This repository contains the code of Endo-Depth's depth prediction from single images, the photometric and the others trackings methods and the volumetric fusion used in the paper
Localization and Reconstruction in Endoscopic Videos using Depth Networks and Photometric Constraints
David Recasens, José Lamarca, José M. Fácil, José María M. Montiel and Javier Civera
I3A, University of Zaragoza
Full video of Endo-Depth-and-Motion working on Hamlyn dataset
@misc{recasens2021endodepthandmotion,
title={Endo-Depth-and-Motion: Localization and Reconstruction in Endoscopic Videos using Depth Networks and Photometric Constraints},
author={David Recasens and Jos{\'{e}} Lamarca and Jos{\'{e}} M. F{\'{a}}cil and J. M. M. Montiel and Javier Civera},
year={2021},
eprint={2103.16525},
archivePrefix={arXiv},
primaryClass={cs.CV}
}
Endo-Depth-and-Motion is a pipeline where first, pixel-wise depth is predicted on a set of keyframes of the endoscopic monocular video using a deep neural network (Endo-Depth). The motion of each frame with respect to the closest keyframe is estimated by minimizing the photometric error, robustified using image pyramids and robust error functions. Finally, the depth maps of the keyframes are fused in a Truncated Signed Distance Function (TSDF)-based volumetric representation.
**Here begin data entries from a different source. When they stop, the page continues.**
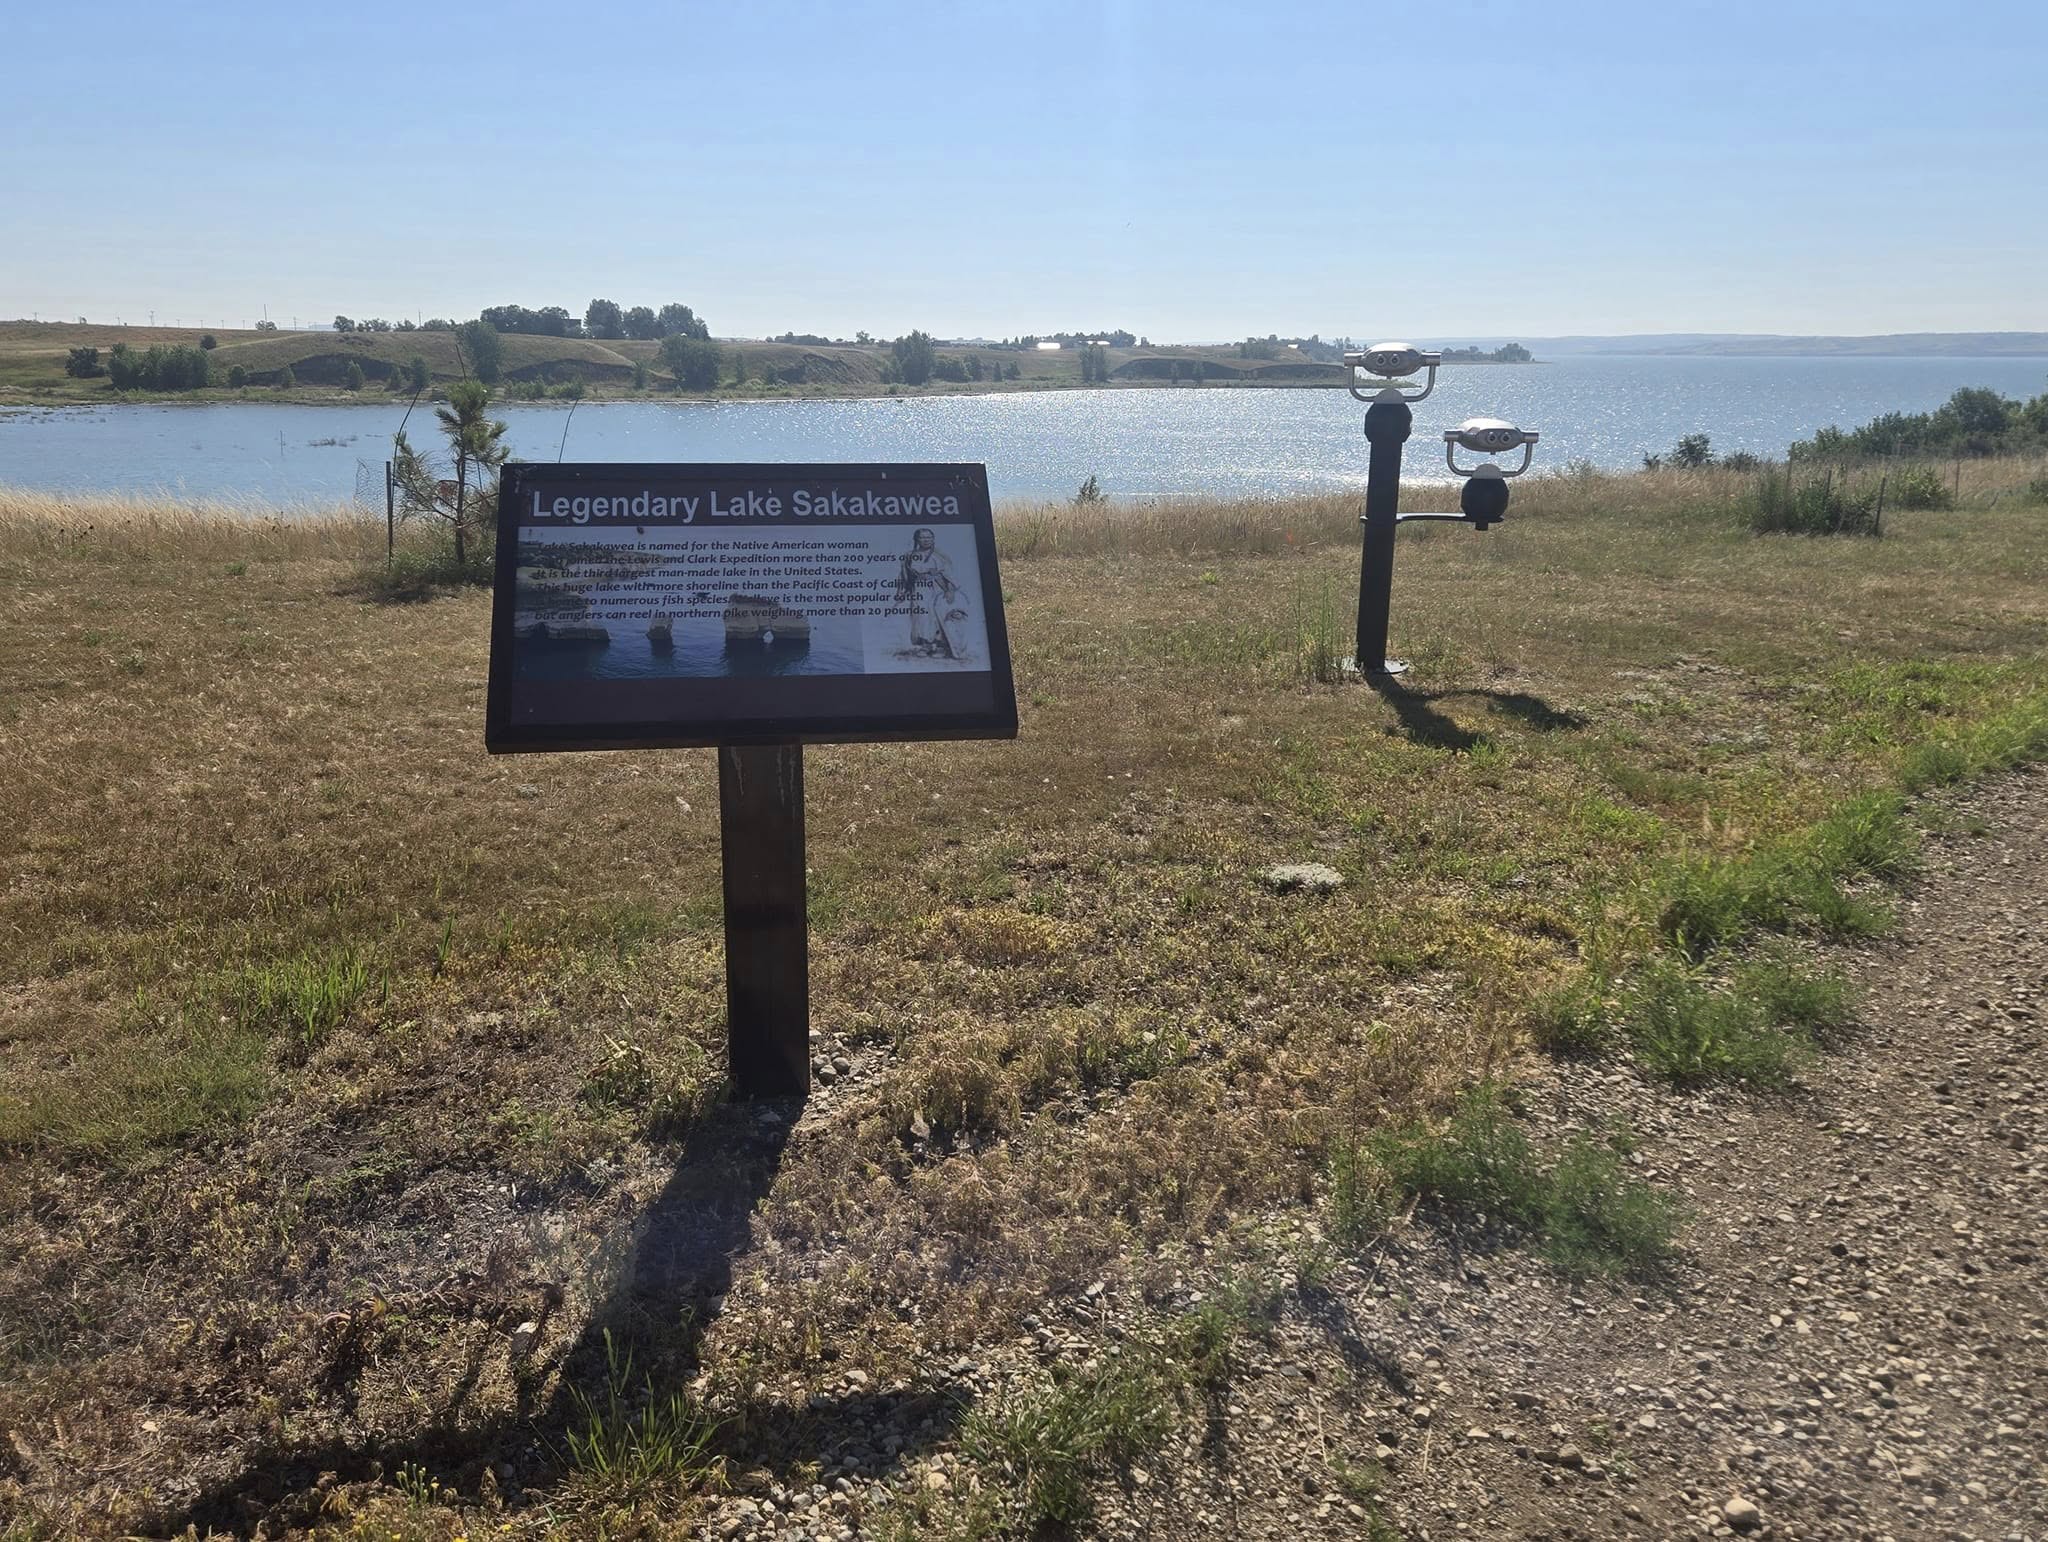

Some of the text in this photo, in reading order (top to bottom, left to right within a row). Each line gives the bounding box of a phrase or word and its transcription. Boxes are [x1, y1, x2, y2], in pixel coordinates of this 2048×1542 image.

[533, 490, 960, 523] Legendary Lake Sakakawea
[568, 542, 634, 551] Sakakawea
[637, 541, 646, 551] is
[649, 541, 689, 551] named
[690, 541, 709, 552] for
[711, 540, 733, 550] the
[732, 540, 770, 550] Native
[771, 540, 825, 550] American
[827, 542, 869, 550] woman
[626, 554, 660, 564] Lewis
[663, 555, 685, 564] and
[687, 554, 718, 564] Clark
[720, 553, 780, 565] Expedition
[816, 553, 842, 563] than
[866, 555, 897, 564] years
[899, 555, 923, 563] ao!
[537, 566, 863, 580] It is the third largest man-made lake in the United States.
[537, 578, 934, 594] This huge lake with more shoreline than the Pacific Coast of Califnia
[584, 597, 598, 605] to
[600, 596, 660, 606] numerous
[662, 595, 684, 606] fish
[687, 594, 730, 606] species.
[783, 594, 792, 603] is
[795, 593, 815, 603] the
[816, 593, 845, 602] most
[847, 592, 891, 604] popular
[893, 591, 924, 602] catch
[558, 609, 602, 622] anglers
[605, 611, 627, 620] can
[629, 609, 652, 619] reel
[655, 608, 666, 618] in
[669, 608, 721, 619] northern
[723, 608, 748, 620] pike
[751, 606, 804, 620] weighing
[806, 608, 838, 617] more
[840, 606, 866, 616] than
[869, 608, 881, 616] 20
[883, 604, 929, 617] pounds.
We have ran our experiments under CUDA 9.1.85, CuDNN 7.6.5 and Ubuntu 18.04. We recommend create a virtual environment with Python 3.6 using Anaconda conda create -n edam python=3.6
and install the dependencies as
conda install -c conda-forge opencv=4.2.0
pip3 install -r path/to/Endo-Depth-and-Motion/requirements.txt
The Hamlyn rectified images and the rectified calibration used to train and test the Endo-Depth models can be found here. The Hamlyn data used to test the tracking and the volumetric fusion is here. The color and depth images are slightly cropped to avoid the small distortions of the depth Endo-Depth produces at the borders. The depth was computed using the stereo Endo-Depth models and it is in [mm] and in image format uint16. The saturation depth is 300 [mm]. You can also replace it with your own data.
To predict the depth for a single or multiple images use
python apps/depth_estimate/__main__.py --image_path path/to/image_folder --model_path path/to/model_folder
You have must have already download the Endo-Depth model you want to use. If you prefer to store the depth predictions in another folder use the argument --output_path. You can also select the type of the output with --output_type which is set by default to grayscale (grayscale depth images), but you can also choose color (colormapped depth images). By default, the saturation depth is set to 300 [mm], you can change this limit using --saturation_depth. Also, the image depth scaling is by default 52.864 because for Hamlyn dataset the weighted average baseline is 5.2864. This number is multiplied by 10 because the imposed baseline during training is 0.1. The image extension to search for in folder can be changed with --ext (now set as jpg), and you can disable CUDA using the argument --no_cuda.
You can execute our photometric tracking with
python apps/tracking_ours/__main__.py -d cuda:0 -i path/to/hamlyn_tracking_test_data -o apps/tracking_ours/results
being -i the input path to the folder containing the different video folders, -o the output path where the odometry in format .pkl is saved. If you want to run the script on CPU instead of on GPU just remove the argument -d cuda:0. The ratio frame-keyframe and number of floors of the pyramid are set to 2 by default, but they can be changed with the arguments -fr and -st, respectively. The output odometries of the Hamlyn test data using our tracking can be found here.
To use alternatively the tracking methods of Open3D run
python apps/tracking_open3d/__main__.py -d cuda:0 -i path/to/hamlyn_tracking_test_data -o apps/tracking_open3d/results -t park
The tracking method can be changed modifying the argument -t: point-to-point (ICP point-to-point), point-to-plane (ICP point-to-plane), steinbrucker (photometric) and park (hybrid photometric and geometric). Additionally, with the argument -r you can execute a global registration with RANSAC to compute a pre-translation between two point clouds before calculating the final translation with the local registration.
In order to get the refined 3D map, you can fuse the registered pseudo-RGBD keyframes obtained from Endo-Depth and the tracking with
python apps/volumetric_fusion/__main__.py -i apps/tracking_ours/results/test1.pkl -o path/to/hamlyn_tracking_test_data/test1
where -i is the input odometry in format .pkl computed with the tracking. The output 3D meshes of the Hamlyn test data using the volumetric fusion are here.
Endo-Depth-and-Motion is released under GPL-3.0 License. The code in the folder apps/depth_estimate is property of the authors of Monodepth2 and has its own License.